State Senator David Simmons (Republican, serving district #22 from Altamonte Springs, Fl.) has previously served an 8-year term in the Florida House of Representatives before standing down due to term limits. After a two year break, he ran for a seat serving District 22 in the Florida Senate and was elected this past November without opposition. District # 22 encompasses a major potion of Seminole County. Simmons, age 58, is an attorney and financial managing partner with the Orlando law firm of de Beaubien, Knight, Simmons, Mantzaris and Neal. A link to his bio is on our web page.

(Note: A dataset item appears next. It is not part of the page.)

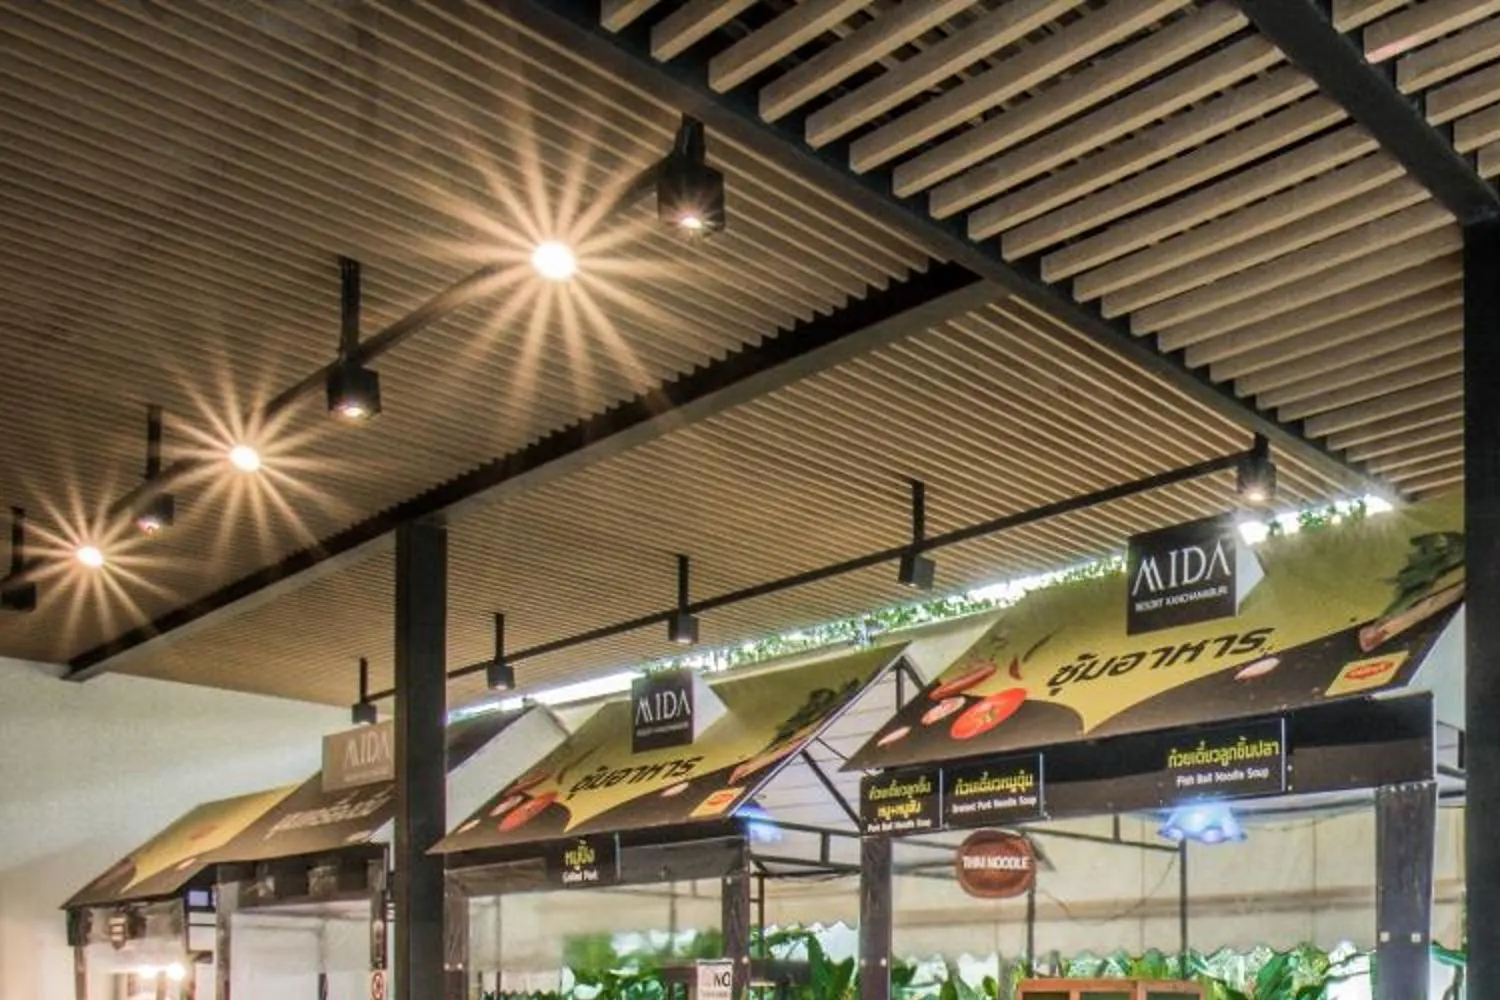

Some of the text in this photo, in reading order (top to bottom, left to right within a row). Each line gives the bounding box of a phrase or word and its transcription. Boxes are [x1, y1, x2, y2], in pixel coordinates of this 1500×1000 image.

[1131, 540, 1232, 596] MIDA
[635, 688, 691, 726] MIDA
[987, 856, 1030, 870] NOODLE
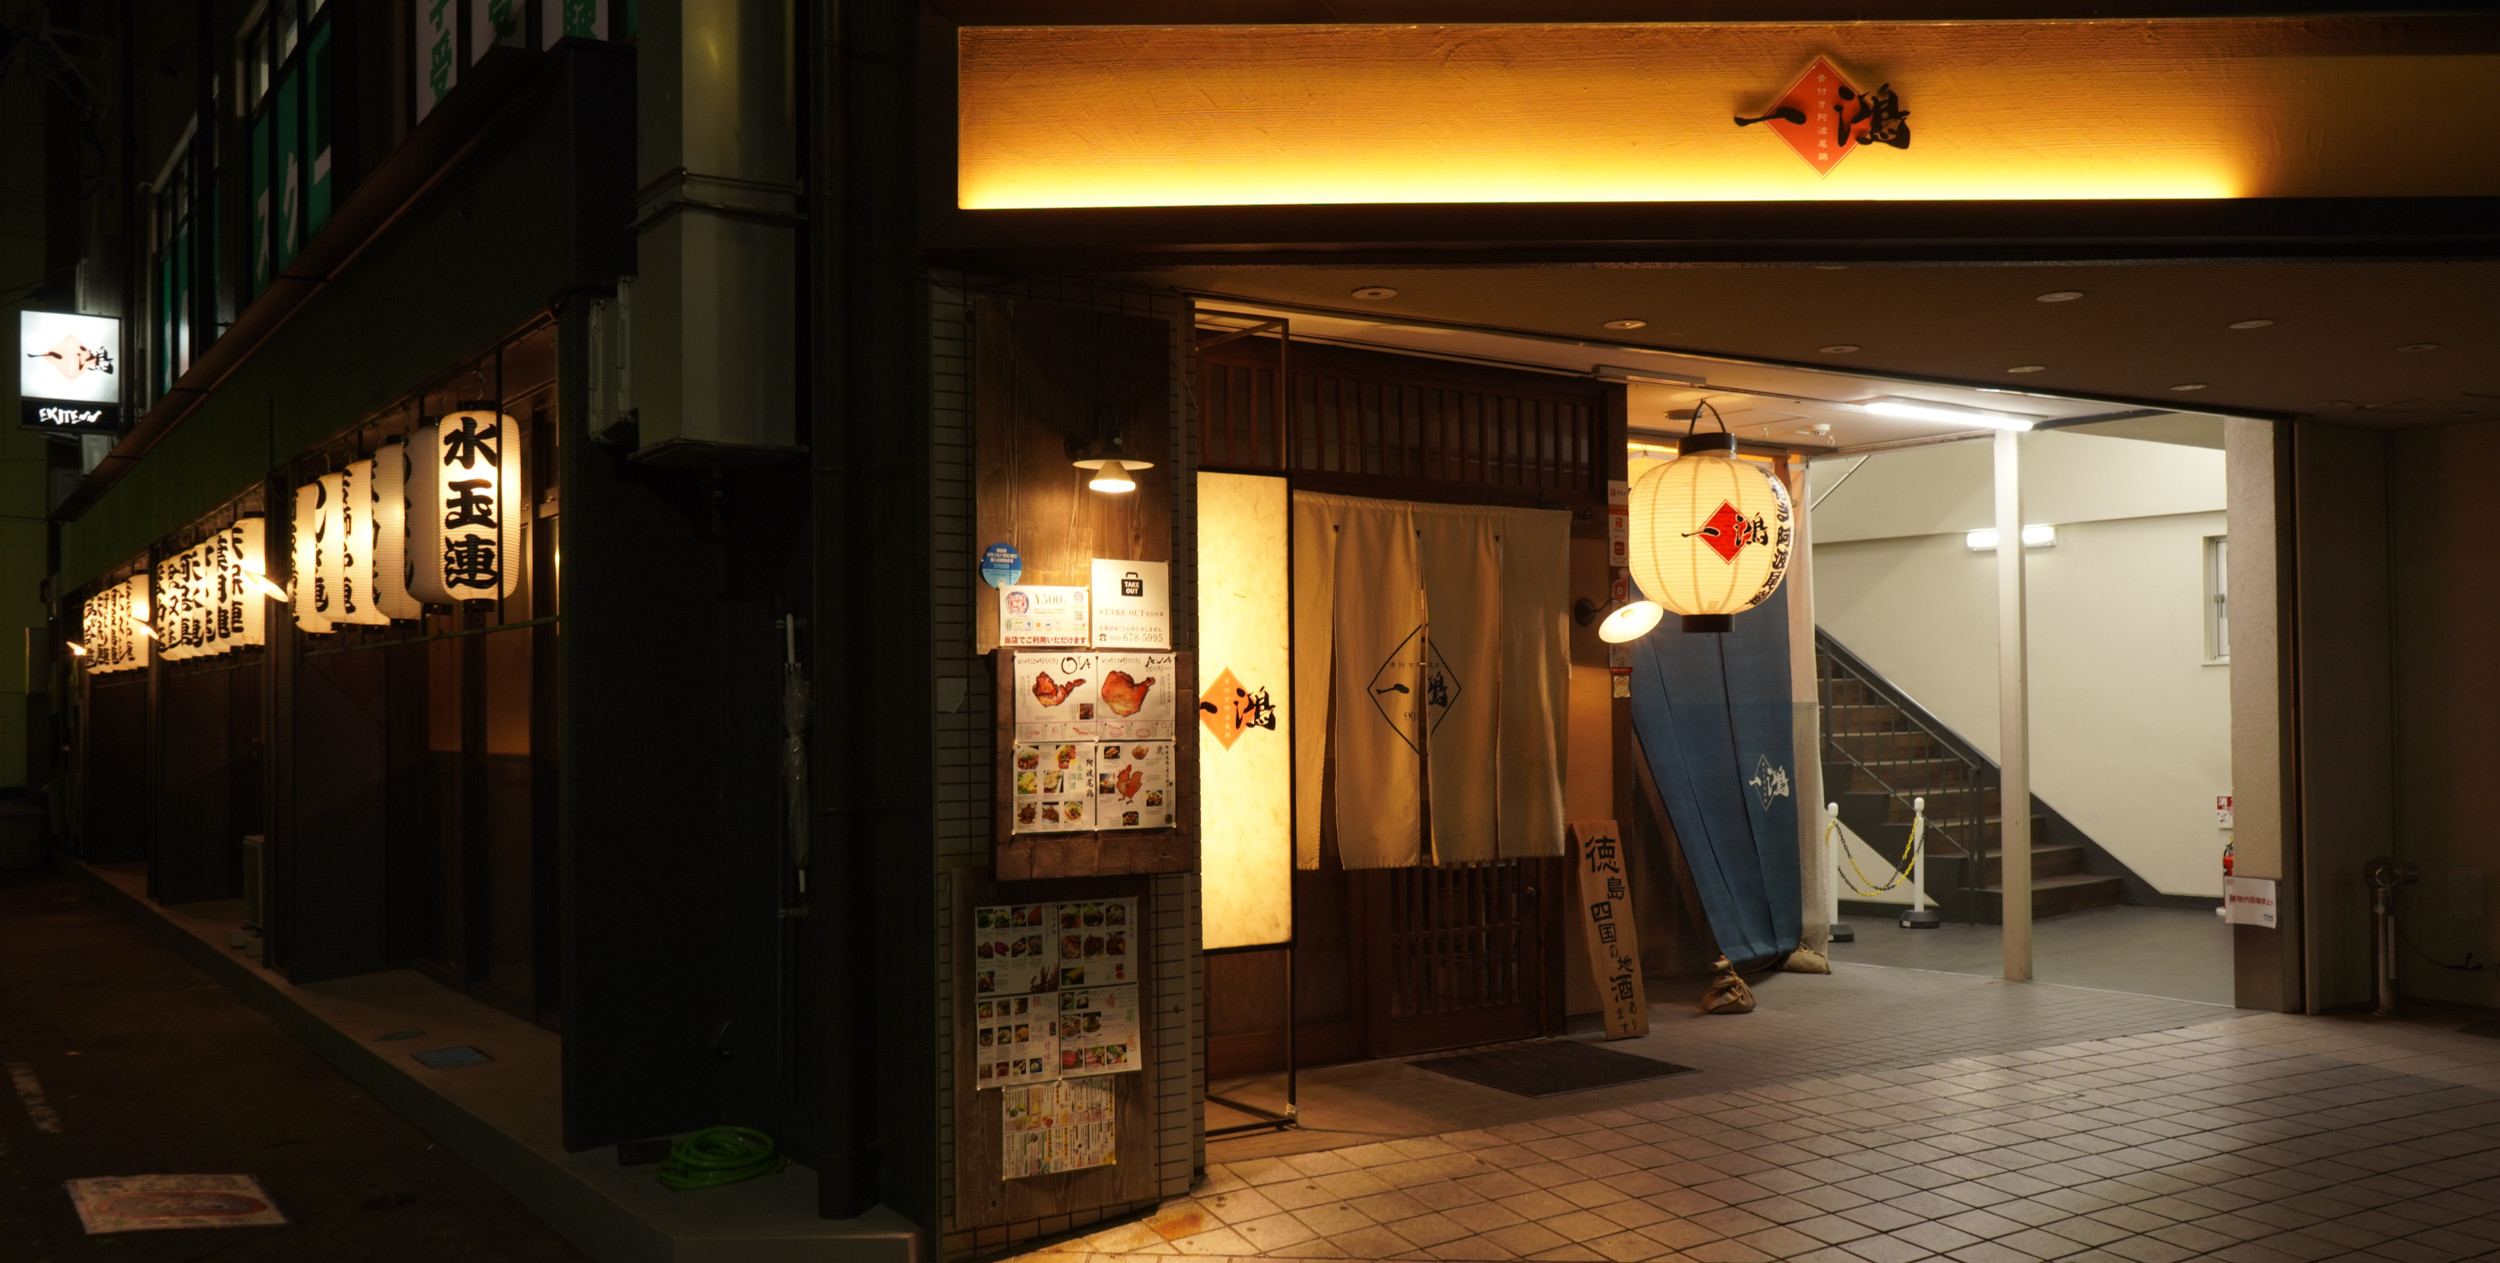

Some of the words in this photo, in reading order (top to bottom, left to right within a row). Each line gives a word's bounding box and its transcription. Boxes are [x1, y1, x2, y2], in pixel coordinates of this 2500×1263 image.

As testament to Simmons’ experience, credibility and political prowess, the Senate president appointed Simmons as Chair of the Budget Subcommittee on Education Pre Kindergarten through 12 grade Appropriations, as well as serving the president as majority whip of the senate. And, as regards Seminole County, he was recently elected Chairman of the Seminole County Legislative Delegation, a group of 8 Senators and Representatives whose districts fall with in the county.
Admittedly, any forecast of how issues might shake out by the time the session adjourns is, well, shaky; but Simmons has a reputation of a no-nonsense, substance before style legislator, and legislative colleagues state he has the pulse of the Senate, if not the legislature.
Thus, we turn to Senator David Simmons and visit with him by telephone as he drives to Tallahassee from his Altamonte Springs, Florida district office. The questions start with several issues facing teachers and parents of students in Seminole County Public Schools – and the issues that the school system says are problems to them — operating budgets, class size, operating flexibility and teacher pay.